The sets by Helen Pond and Herbert Senn were well worth the price of admission and generated audible awe at the rise of the curtain for the second act. The second act might be the one realm in the ballet trajectory that is familiar to almost everyone. Anyone can hum along to the Russian dance, even as Jared Redick wows with a series of split jumps reaching extraordinary levels of elevation and flexibility. An implausibly hyperextended Kathleen Breen Combes in the Arabian dance was sultry and intoxicating, as was her partner, Jaime Diaz. And was there ever a Dew Drop who lived up so greatly to her name as Misa Kuranaga? Backed by a corps de ballet of lanky, tall flowers, the slight Kuranaga seemed to float among them like a drop of mist. Not every performance was as stunning, however. As the Sugar Plum Fairy, Larissa Ponomarenko was very pretty and precise, but a bit too elusive, and her chilled rapport with Roman Rykine as her Cavalier did not help.

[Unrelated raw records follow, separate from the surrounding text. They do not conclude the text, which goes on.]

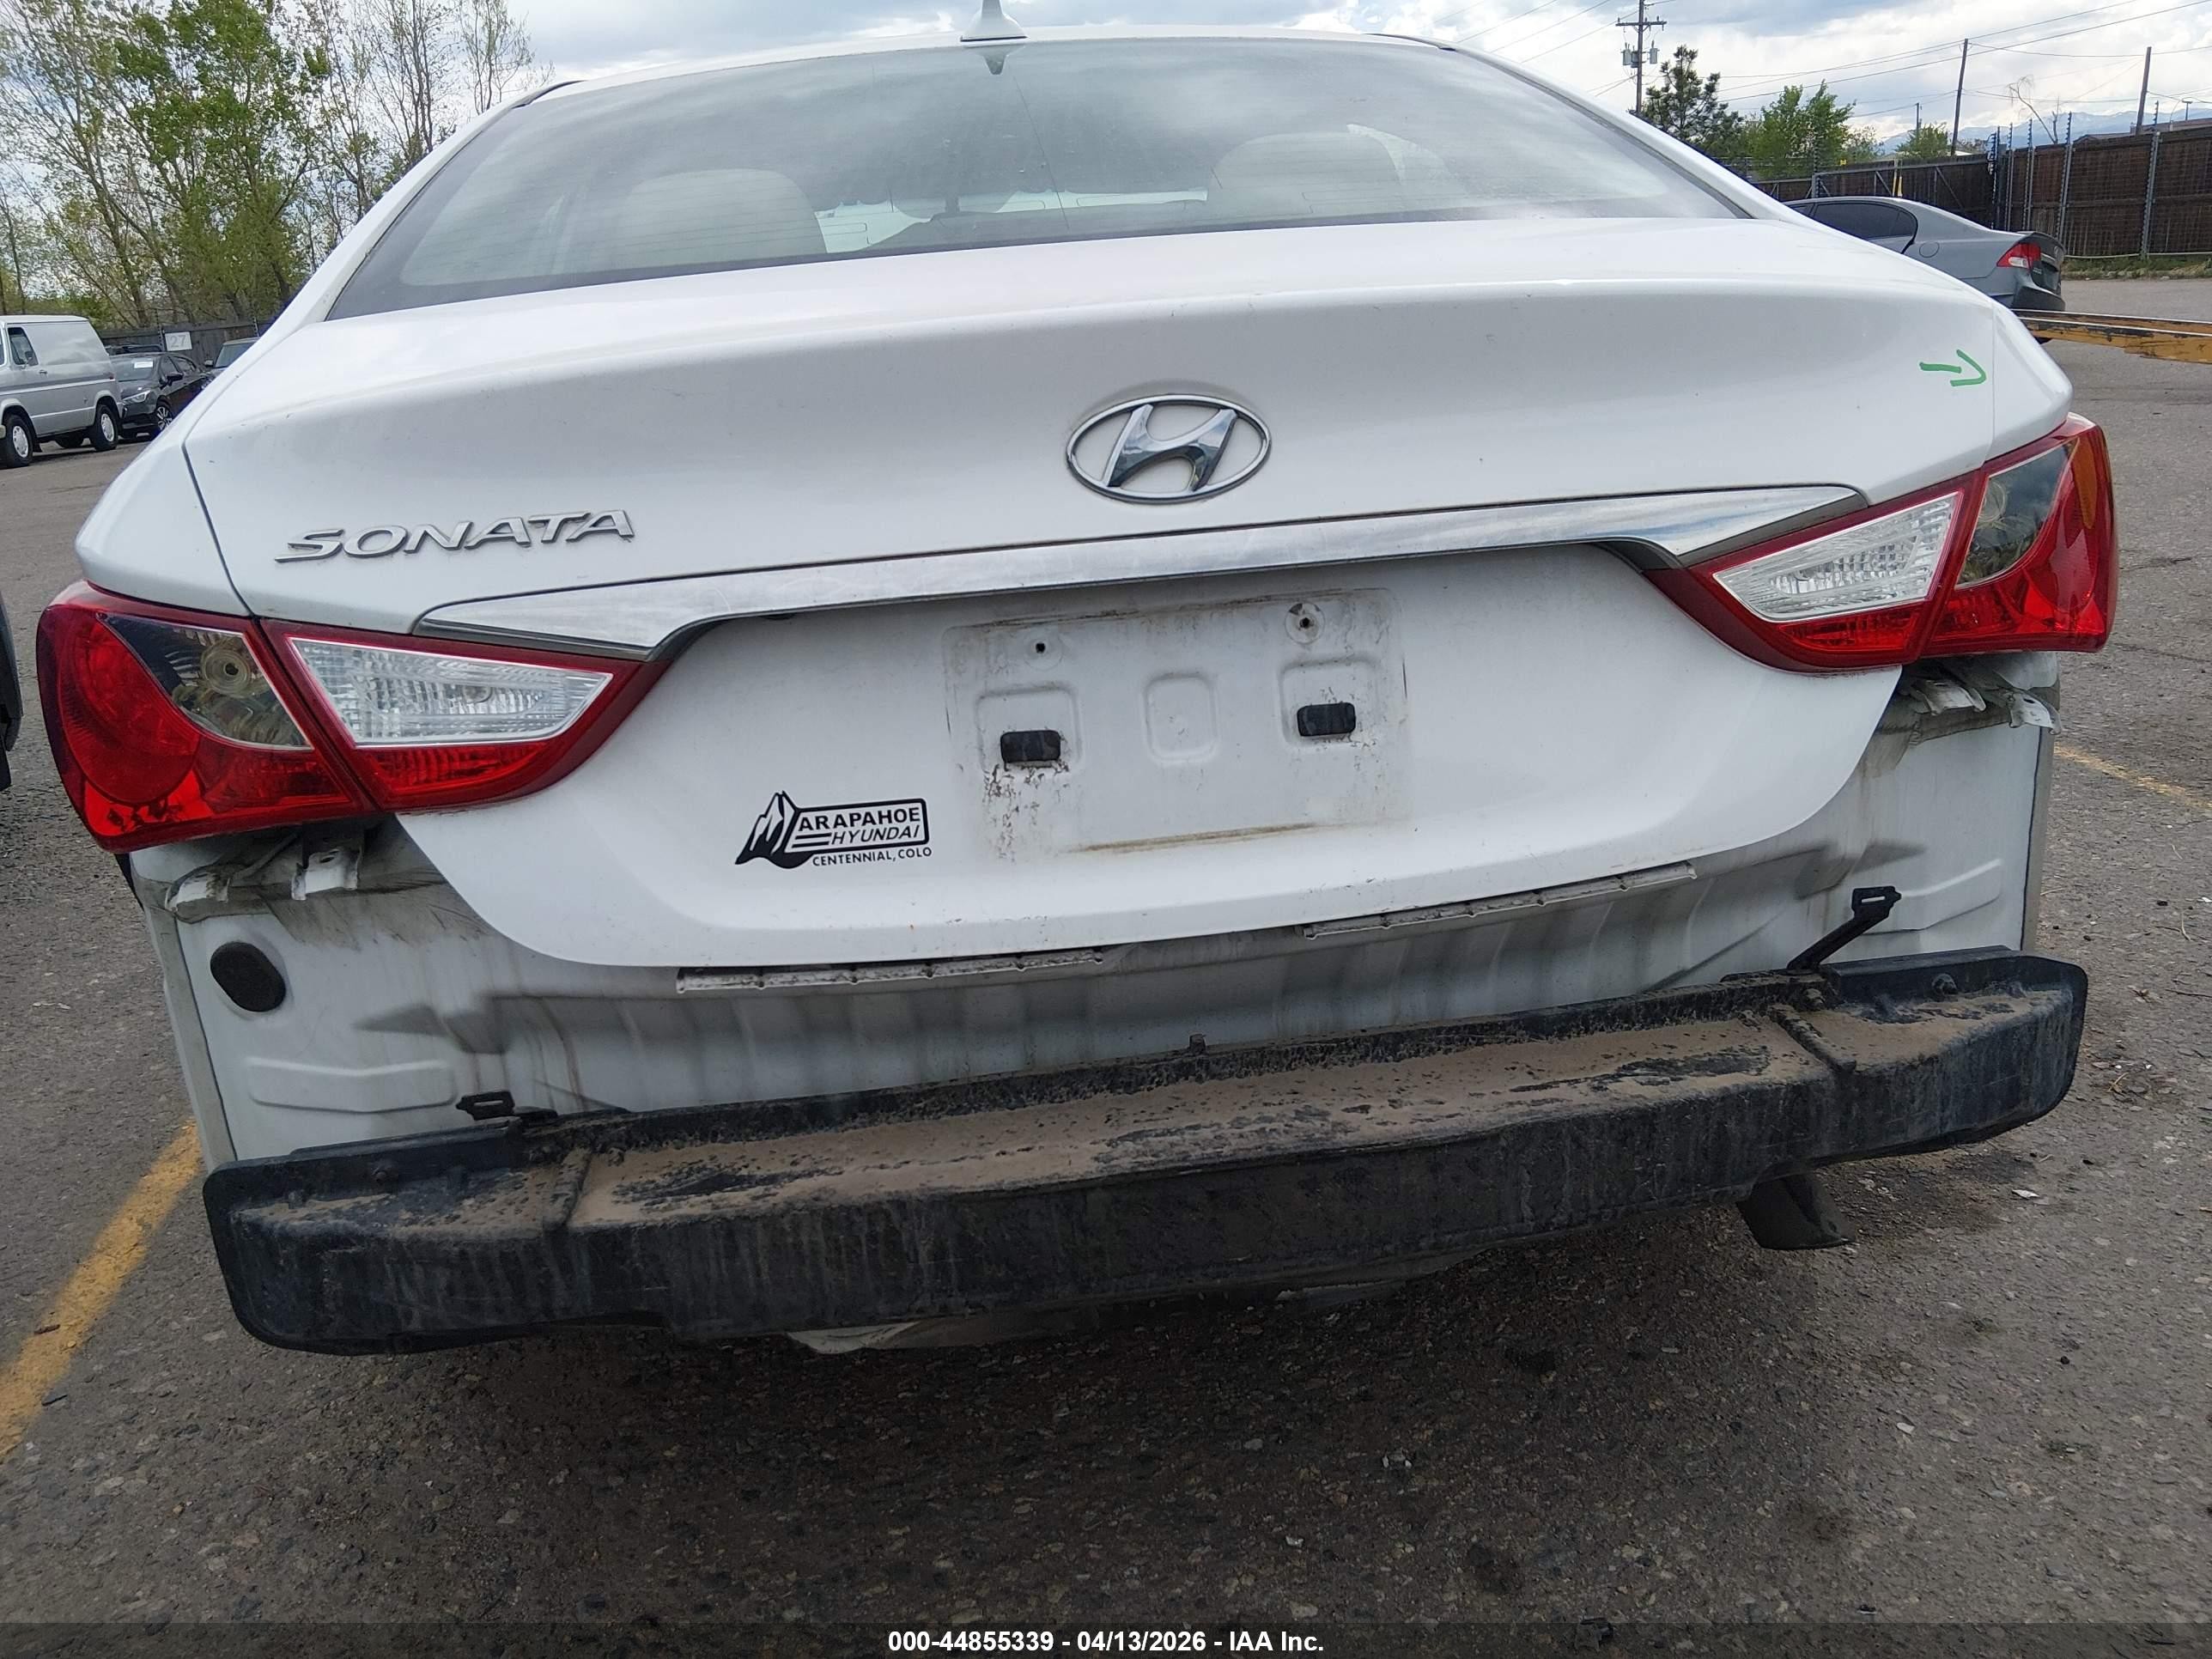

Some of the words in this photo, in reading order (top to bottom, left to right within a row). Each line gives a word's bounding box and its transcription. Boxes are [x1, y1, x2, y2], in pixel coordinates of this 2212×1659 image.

[274, 509, 635, 563] SONATA
[798, 807, 921, 832] ARAPAHOE
[831, 824, 921, 845] HYUNDAI
[812, 850, 896, 866] CENTENNIAL,
[897, 847, 933, 860] COLO
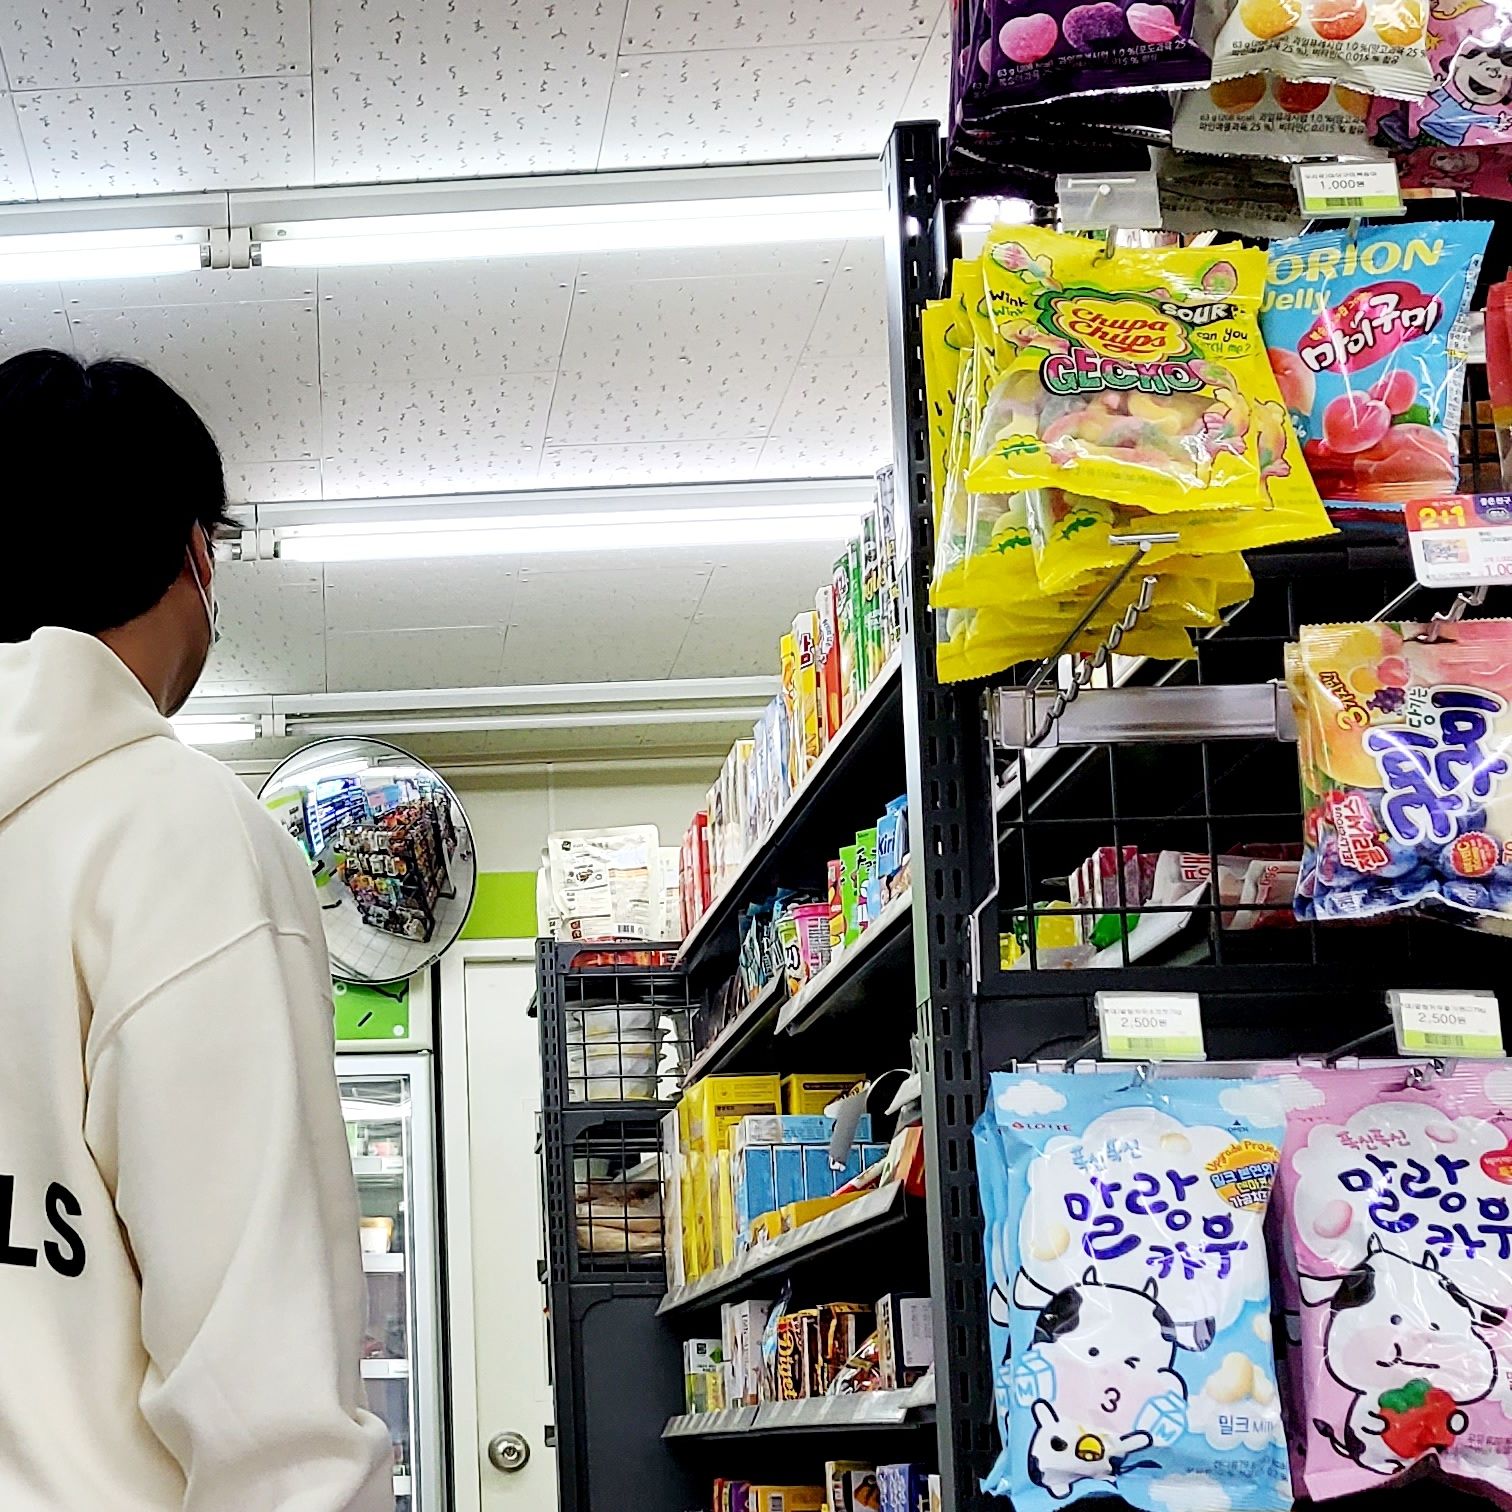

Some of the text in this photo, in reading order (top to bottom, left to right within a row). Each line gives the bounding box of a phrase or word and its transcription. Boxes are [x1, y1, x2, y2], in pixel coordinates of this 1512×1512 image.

[1320, 180, 1365, 190] 1,000원
[1268, 240, 1444, 285] ORION
[990, 290, 1028, 307] Wink
[1072, 307, 1168, 332] Chupa
[1163, 304, 1230, 323] SOUR
[1070, 321, 1166, 352] Chups
[1225, 327, 1248, 341] you
[1301, 292, 1442, 372] 마이구미
[1046, 349, 1200, 391] GECKO
[1420, 507, 1465, 529] 2+1
[1122, 1018, 1166, 1028] 2,500원
[1419, 1013, 1465, 1025] 2,500원
[1024, 1124, 1071, 1132] LOTTE
[1338, 1155, 1469, 1233] 말랑
[1066, 1170, 1198, 1260] 말랑
[1146, 1214, 1247, 1279] 카우
[1220, 1415, 1249, 1435] 밀크
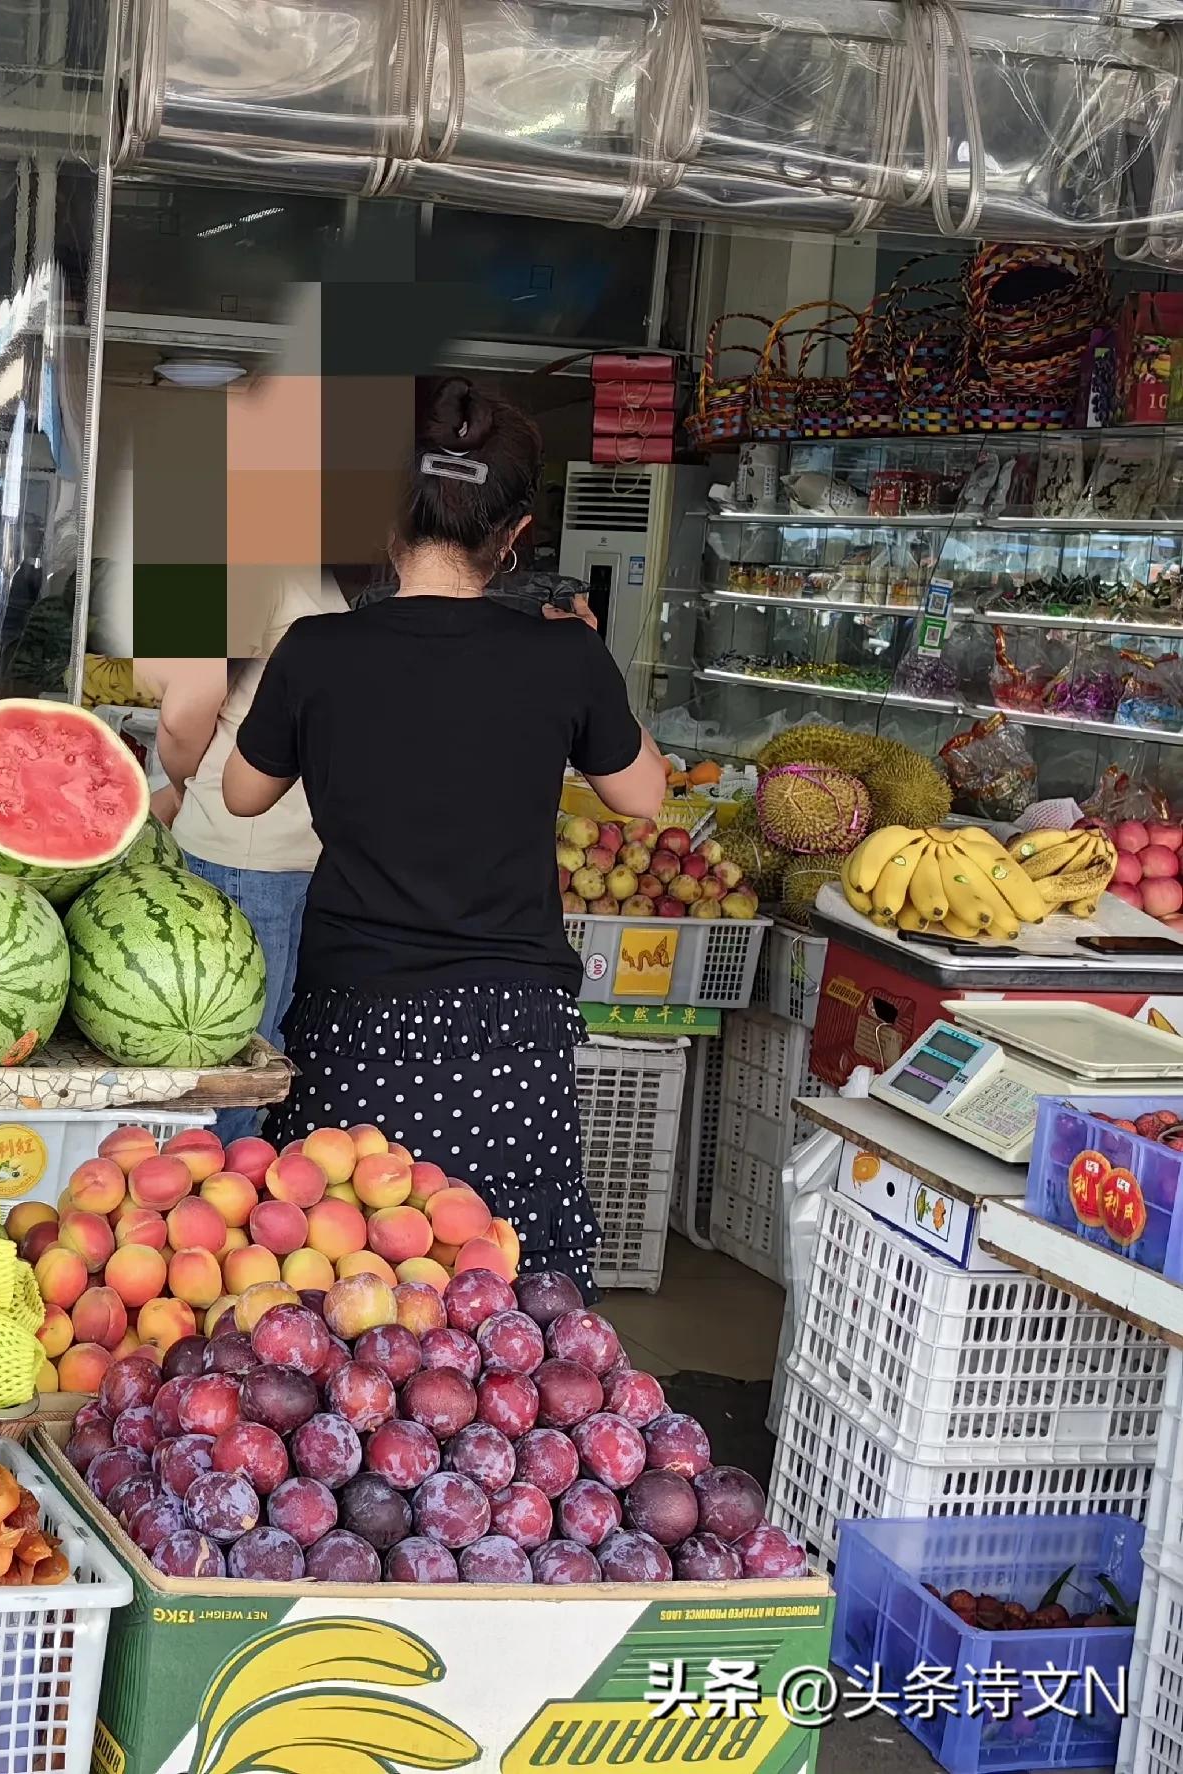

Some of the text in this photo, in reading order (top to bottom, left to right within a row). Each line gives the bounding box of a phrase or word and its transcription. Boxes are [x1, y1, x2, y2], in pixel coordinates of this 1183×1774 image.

Nevertheless, there is something about seeing a glittering pink tutu and satin pink pointe shoes amidst a cornucopia of confections, delicacies, princes, and enchantment that never fails to win one over, no matter one’s age, gender, cynicism, and overall faith in the existence of magic. In a world full of not only civil strife but also “Giselles,” “Manons,” and “Romeo and Juliets,” “The Nutcracker” reveals that ballet can still bring one to a state of complete bliss and oblivion; that innocence can be found and not only interminably lost.There’s art for you.